Après avoir été mise en échec par trois fois par Westminster sur son accord de Brexit négocié avec l’UE, la Première ministre britannique Theresa May prévoit de soumettre à nouveau son projet au vote de la Chambre des communes dans la semaine du 3 juin.

Le Parti travailliste et les rebelles au sein du Parti conservateur de Theresa May ont prévu de voter contre.

Macron attend la clarté de Westminster

Le Brexit n’est pas d’abord une négociation technique mais une « leçon politique« , a déclaré Emmanuel Macron, après la décision des dirigeants européens de repousser de quelques semaines la date de sortie du Royaume-Uni de l’Union européenne.

Nous avons trouvé hier un bon accord, la France s’y est beaucoup impliquée, c’est un accord qui respecte nos principes”, a dit le président français à l’issue du Conseil européen, à Bruxelles.

“Le Brexit à mes yeux n’est aujourd’hui au fond pas une négociation technique, c’est avant toute chose une leçon politique. Proposer le rejet de l’Europe sans projet mène à l’impasse, la situation britannique nous le démontre et chacun doit en avoir conscience”, a-t-il ajouté.
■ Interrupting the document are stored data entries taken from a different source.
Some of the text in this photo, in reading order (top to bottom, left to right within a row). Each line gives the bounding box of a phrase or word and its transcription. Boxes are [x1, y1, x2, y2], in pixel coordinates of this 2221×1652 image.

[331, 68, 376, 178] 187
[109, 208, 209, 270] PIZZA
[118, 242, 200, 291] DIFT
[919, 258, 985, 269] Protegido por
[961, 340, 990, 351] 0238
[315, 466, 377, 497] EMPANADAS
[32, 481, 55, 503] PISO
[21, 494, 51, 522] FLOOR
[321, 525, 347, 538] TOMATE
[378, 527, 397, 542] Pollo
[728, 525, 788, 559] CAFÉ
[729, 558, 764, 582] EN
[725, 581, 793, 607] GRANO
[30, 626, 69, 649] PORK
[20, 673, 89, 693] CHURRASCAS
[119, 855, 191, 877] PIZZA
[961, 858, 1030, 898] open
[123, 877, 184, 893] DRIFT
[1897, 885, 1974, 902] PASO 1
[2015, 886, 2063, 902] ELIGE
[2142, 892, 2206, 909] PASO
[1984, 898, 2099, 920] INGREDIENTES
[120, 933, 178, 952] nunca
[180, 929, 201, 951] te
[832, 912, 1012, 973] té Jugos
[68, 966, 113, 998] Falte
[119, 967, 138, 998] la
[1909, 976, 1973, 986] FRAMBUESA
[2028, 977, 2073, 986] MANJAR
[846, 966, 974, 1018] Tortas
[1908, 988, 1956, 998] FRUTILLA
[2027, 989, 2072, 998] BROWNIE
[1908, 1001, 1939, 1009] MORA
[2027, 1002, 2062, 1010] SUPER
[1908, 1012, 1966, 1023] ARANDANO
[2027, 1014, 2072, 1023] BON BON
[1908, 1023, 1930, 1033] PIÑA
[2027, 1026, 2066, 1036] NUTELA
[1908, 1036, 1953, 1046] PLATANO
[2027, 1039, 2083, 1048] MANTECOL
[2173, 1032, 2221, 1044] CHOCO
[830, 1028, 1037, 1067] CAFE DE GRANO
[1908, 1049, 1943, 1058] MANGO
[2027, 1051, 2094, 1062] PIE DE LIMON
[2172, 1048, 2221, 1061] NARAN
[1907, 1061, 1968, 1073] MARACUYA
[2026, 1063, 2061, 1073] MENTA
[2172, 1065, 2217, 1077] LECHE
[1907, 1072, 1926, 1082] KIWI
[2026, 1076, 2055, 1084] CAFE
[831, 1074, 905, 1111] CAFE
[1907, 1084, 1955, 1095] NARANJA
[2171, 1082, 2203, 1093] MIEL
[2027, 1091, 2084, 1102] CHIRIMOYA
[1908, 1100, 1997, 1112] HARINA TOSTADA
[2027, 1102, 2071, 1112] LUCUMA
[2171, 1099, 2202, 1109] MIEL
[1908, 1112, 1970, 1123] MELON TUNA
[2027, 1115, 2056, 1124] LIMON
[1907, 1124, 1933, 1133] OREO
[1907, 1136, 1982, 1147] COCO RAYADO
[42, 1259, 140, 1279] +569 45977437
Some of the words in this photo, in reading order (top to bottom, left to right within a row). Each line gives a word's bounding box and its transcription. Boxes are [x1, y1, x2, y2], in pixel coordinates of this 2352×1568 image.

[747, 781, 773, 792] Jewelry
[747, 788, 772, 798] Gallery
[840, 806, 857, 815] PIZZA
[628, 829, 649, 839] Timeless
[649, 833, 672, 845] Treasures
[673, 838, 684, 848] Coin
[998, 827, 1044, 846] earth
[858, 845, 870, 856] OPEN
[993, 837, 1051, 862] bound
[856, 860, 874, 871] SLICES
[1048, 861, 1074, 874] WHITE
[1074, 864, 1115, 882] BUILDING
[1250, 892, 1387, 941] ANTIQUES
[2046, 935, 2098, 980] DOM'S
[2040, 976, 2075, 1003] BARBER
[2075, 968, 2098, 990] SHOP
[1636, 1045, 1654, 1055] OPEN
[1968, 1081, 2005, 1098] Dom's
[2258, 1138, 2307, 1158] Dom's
Royaume-Uni sur la voie d’un Brexit par défaut

A huit jours de la date prévue du #Brexit, les dirigeants européens s’apprêtent à accorder au Royaume-Uni un report de courte durée, conditionné à une ratification encore très hypothétique par le Westminster de l’accord de retrait conclu en novembre 2018.

Selon le projet de conclusions de la rencontre des vingt-sept chefs d’Etat et de gouvernement européens, ces derniers sont prêts à repousser la date du Brexit au 22 mai si la Chambre des communes vote l’accord la semaine prochaine. La date aurait toutefois évolué depuis.

Le texte ajoute qu’aucune prolongation n’est possible après les élections européennes, qui s’étaleront du 23 au 26 mai.

A leur arrivée au Conseil européen, à Bruxelles, plusieurs dirigeants ont prévenu qu’un troisième rejet de l’accord à la Chambre des communes la semaine prochaine mettrait le Royaume-Uni sur la voie d’un Brexit par défaut.

Theresa May avait demandé à l’UE un report jusqu’au 30 juin prochain.

Brexit: un report d’au moins trois mois

La Première ministre britannique Theresa May va formellement demander par écrit demain (20.03.2019) un report d’au moins trois mois du Brexit au président du Conseil européen Donald Tusk, a déclaré son porte-parole.

A dix jours de la date prévue à l’origine pour le Brexit et à deux jours d’un sommet européen, les principaux ministres du cabinet britannique se sont réunis dans la matinée pour débattre des conséquences de la décision du président de la Chambre des communes, John Bercow, de refuser de soumettre aux voix des élus un Accord de retrait similaire à ceux qui ont déjà été rejetés par deux fois au Parlement.

A l’issue de la réunion, la journaliste politique de la BBC Laura Kuenssberg, citant des sources au sein du gouvernement, a écrit sur Twitter que Theresa May allait demander dès ce mardi un report du Brexit jusqu’à la fin juin, avec une option de prolongation pendant une durée maximum de deux ans.

Theresa May avait espéré faire ratifier son accord avant le Conseil européen de jeudi et vendredi à Bruxelles, et lors duquel la question d’un report sera discutée par les chefs d’Etat et de gouvernement des Vingt-Sept, mais la décision de John Bercow a bouleversé ses plans.

Les partenaires européens du Royaume-Uni examinent deux options principales: un délai de deux à trois mois si Theresa May les persuade qu’elle peut trouver un accord à la Chambre des communes, ou une prolongation bien plus longue si elle accepte de se remettre au travail pour tenter de sortir de l’impasse.

Accord Brexit: épisode III

Les députés britanniques de Westminster ont voté massivement en faveur d’un report du Brexit, actuellement fixé au 29 mars, ce qui va permettre à Theresa May de tenter une troisième fois de faire ratifier par les parlementaires son accord de retrait de l’Union européenne, pourtant déjà rejeté à deux reprises.

Les Bourses européennes ont terminé en hausse sensible le 15 mars, portées par le vote pour un report du Brexit et par des déclarations jugées rassurantes sur les négociations commerciales en cours entre les Etats-Unis et la Chine.

« Fin en force d’une semaine positive pour les Bourses européennes, en dépit d’un contexte économique qui reste un peu atone », résume Michael Hewson, CMC Markets UK.